### TASK DETAILS
Please set down the records exactly, keeping every line.

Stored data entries
━━━━━━━━━━━━━━━━━━━━━━━━━━━━━━

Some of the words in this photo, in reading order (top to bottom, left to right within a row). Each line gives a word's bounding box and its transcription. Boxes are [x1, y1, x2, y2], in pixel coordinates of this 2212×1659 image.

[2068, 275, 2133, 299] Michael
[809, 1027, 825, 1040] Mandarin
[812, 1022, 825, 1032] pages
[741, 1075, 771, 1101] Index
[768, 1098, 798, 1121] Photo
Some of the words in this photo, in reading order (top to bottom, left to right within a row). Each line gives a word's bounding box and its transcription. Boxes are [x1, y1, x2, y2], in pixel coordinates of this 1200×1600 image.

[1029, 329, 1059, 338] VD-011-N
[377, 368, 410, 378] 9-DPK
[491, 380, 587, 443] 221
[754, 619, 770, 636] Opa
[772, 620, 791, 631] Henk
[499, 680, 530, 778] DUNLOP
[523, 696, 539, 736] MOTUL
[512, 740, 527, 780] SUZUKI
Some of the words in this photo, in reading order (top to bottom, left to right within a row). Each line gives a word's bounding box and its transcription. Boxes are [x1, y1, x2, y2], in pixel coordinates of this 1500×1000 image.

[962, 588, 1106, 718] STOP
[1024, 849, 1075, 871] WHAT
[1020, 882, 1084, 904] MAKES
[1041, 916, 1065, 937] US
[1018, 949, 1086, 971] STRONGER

━━━━━━━━━━━━━━━━━━━━━━━━━━━━━━

### RESPONSE BOX
Some of the words in this photo, in reading order (top to bottom, left to right within a row). Each line gives a word's bounding box and its transcription. Boxes are [x1, y1, x2, y2], in pixel coordinates of this 2212×1659 image.

[2068, 275, 2133, 299] Michael
[809, 1027, 825, 1040] Mandarin
[812, 1022, 825, 1032] pages
[741, 1075, 771, 1101] Index
[768, 1098, 798, 1121] Photo
Some of the words in this photo, in reading order (top to bottom, left to right within a row). Each line gives a word's bounding box and its transcription. Boxes are [x1, y1, x2, y2], in pixel coordinates of this 1200×1600 image.

[1029, 329, 1059, 338] VD-011-N
[377, 368, 410, 378] 9-DPK
[491, 380, 587, 443] 221
[754, 619, 770, 636] Opa
[772, 620, 791, 631] Henk
[499, 680, 530, 778] DUNLOP
[523, 696, 539, 736] MOTUL
[512, 740, 527, 780] SUZUKI
Some of the words in this photo, in reading order (top to bottom, left to right within a row). Each line gives a word's bounding box and its transcription. Boxes are [x1, y1, x2, y2], in pixel coordinates of this 1500×1000 image.

[962, 588, 1106, 718] STOP
[1024, 849, 1075, 871] WHAT
[1020, 882, 1084, 904] MAKES
[1041, 916, 1065, 937] US
[1018, 949, 1086, 971] STRONGER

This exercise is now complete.